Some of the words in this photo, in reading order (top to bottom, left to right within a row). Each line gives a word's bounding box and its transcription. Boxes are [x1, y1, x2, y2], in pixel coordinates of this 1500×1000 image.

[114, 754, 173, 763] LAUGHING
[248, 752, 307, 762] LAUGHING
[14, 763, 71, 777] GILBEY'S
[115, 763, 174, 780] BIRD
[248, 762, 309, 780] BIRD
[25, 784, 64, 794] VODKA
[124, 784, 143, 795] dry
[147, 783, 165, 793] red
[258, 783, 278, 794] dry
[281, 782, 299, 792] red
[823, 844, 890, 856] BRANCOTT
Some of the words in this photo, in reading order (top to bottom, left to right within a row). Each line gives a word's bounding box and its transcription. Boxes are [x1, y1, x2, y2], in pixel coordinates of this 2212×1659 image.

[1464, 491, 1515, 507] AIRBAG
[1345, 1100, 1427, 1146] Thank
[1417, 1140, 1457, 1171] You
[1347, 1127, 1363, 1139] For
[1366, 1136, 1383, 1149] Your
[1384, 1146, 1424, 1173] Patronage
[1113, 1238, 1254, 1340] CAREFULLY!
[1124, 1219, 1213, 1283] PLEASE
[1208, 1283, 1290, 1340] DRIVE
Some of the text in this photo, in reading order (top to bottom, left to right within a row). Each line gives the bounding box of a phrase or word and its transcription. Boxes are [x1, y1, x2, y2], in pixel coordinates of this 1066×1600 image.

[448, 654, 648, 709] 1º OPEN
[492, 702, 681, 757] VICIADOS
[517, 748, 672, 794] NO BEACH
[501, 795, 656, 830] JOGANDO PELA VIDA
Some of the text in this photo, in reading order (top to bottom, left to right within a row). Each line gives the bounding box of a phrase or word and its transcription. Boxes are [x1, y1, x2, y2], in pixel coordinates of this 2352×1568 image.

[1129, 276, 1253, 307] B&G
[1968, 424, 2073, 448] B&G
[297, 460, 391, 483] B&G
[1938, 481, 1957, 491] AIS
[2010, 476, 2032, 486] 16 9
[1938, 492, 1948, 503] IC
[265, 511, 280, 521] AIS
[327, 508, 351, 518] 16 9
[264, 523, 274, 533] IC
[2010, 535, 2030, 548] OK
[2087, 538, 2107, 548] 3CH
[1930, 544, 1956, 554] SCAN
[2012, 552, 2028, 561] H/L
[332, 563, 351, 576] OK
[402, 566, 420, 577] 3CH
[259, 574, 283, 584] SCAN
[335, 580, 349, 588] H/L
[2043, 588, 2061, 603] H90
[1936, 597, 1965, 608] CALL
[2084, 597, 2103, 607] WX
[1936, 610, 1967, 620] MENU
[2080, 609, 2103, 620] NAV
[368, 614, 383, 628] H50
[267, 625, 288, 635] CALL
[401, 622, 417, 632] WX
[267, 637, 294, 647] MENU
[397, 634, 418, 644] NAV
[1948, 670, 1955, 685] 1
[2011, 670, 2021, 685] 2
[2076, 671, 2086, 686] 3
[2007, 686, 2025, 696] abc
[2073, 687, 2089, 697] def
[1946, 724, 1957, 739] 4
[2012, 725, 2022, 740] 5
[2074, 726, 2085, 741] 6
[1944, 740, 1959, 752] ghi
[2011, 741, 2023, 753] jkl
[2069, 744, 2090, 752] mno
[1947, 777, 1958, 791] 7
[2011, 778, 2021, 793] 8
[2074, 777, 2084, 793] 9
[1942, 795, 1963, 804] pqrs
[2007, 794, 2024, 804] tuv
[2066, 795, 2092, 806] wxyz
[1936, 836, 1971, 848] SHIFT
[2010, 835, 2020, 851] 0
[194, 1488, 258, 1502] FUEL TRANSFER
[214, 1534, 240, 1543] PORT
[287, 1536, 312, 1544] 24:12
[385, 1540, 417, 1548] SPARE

> What you need to do
Set down each entry again, exactly as written.

> Your solution
Some of the words in this photo, in reading order (top to bottom, left to right within a row). Each line gives a word's bounding box and its transcription. Boxes are [x1, y1, x2, y2], in pixel coordinates of this 1500×1000 image.

[114, 754, 173, 763] LAUGHING
[248, 752, 307, 762] LAUGHING
[14, 763, 71, 777] GILBEY'S
[115, 763, 174, 780] BIRD
[248, 762, 309, 780] BIRD
[25, 784, 64, 794] VODKA
[124, 784, 143, 795] dry
[147, 783, 165, 793] red
[258, 783, 278, 794] dry
[281, 782, 299, 792] red
[823, 844, 890, 856] BRANCOTT
Some of the words in this photo, in reading order (top to bottom, left to right within a row). Each line gives a word's bounding box and its transcription. Boxes are [x1, y1, x2, y2], in pixel coordinates of this 2212×1659 image.

[1464, 491, 1515, 507] AIRBAG
[1345, 1100, 1427, 1146] Thank
[1417, 1140, 1457, 1171] You
[1347, 1127, 1363, 1139] For
[1366, 1136, 1383, 1149] Your
[1384, 1146, 1424, 1173] Patronage
[1113, 1238, 1254, 1340] CAREFULLY!
[1124, 1219, 1213, 1283] PLEASE
[1208, 1283, 1290, 1340] DRIVE
Some of the text in this photo, in reading order (top to bottom, left to right within a row). Each line gives the bounding box of a phrase or word and its transcription. Boxes are [x1, y1, x2, y2], in pixel coordinates of this 1066×1600 image.

[448, 654, 648, 709] 1º OPEN
[492, 702, 681, 757] VICIADOS
[517, 748, 672, 794] NO BEACH
[501, 795, 656, 830] JOGANDO PELA VIDA
Some of the text in this photo, in reading order (top to bottom, left to right within a row). Each line gives the bounding box of a phrase or word and its transcription. Boxes are [x1, y1, x2, y2], in pixel coordinates of this 2352×1568 image.

[1129, 276, 1253, 307] B&G
[1968, 424, 2073, 448] B&G
[297, 460, 391, 483] B&G
[1938, 481, 1957, 491] AIS
[2010, 476, 2032, 486] 16 9
[1938, 492, 1948, 503] IC
[265, 511, 280, 521] AIS
[327, 508, 351, 518] 16 9
[264, 523, 274, 533] IC
[2010, 535, 2030, 548] OK
[2087, 538, 2107, 548] 3CH
[1930, 544, 1956, 554] SCAN
[2012, 552, 2028, 561] H/L
[332, 563, 351, 576] OK
[402, 566, 420, 577] 3CH
[259, 574, 283, 584] SCAN
[335, 580, 349, 588] H/L
[2043, 588, 2061, 603] H90
[1936, 597, 1965, 608] CALL
[2084, 597, 2103, 607] WX
[1936, 610, 1967, 620] MENU
[2080, 609, 2103, 620] NAV
[368, 614, 383, 628] H50
[267, 625, 288, 635] CALL
[401, 622, 417, 632] WX
[267, 637, 294, 647] MENU
[397, 634, 418, 644] NAV
[1948, 670, 1955, 685] 1
[2011, 670, 2021, 685] 2
[2076, 671, 2086, 686] 3
[2007, 686, 2025, 696] abc
[2073, 687, 2089, 697] def
[1946, 724, 1957, 739] 4
[2012, 725, 2022, 740] 5
[2074, 726, 2085, 741] 6
[1944, 740, 1959, 752] ghi
[2011, 741, 2023, 753] jkl
[2069, 744, 2090, 752] mno
[1947, 777, 1958, 791] 7
[2011, 778, 2021, 793] 8
[2074, 777, 2084, 793] 9
[1942, 795, 1963, 804] pqrs
[2007, 794, 2024, 804] tuv
[2066, 795, 2092, 806] wxyz
[1936, 836, 1971, 848] SHIFT
[2010, 835, 2020, 851] 0
[194, 1488, 258, 1502] FUEL TRANSFER
[214, 1534, 240, 1543] PORT
[287, 1536, 312, 1544] 24:12
[385, 1540, 417, 1548] SPARE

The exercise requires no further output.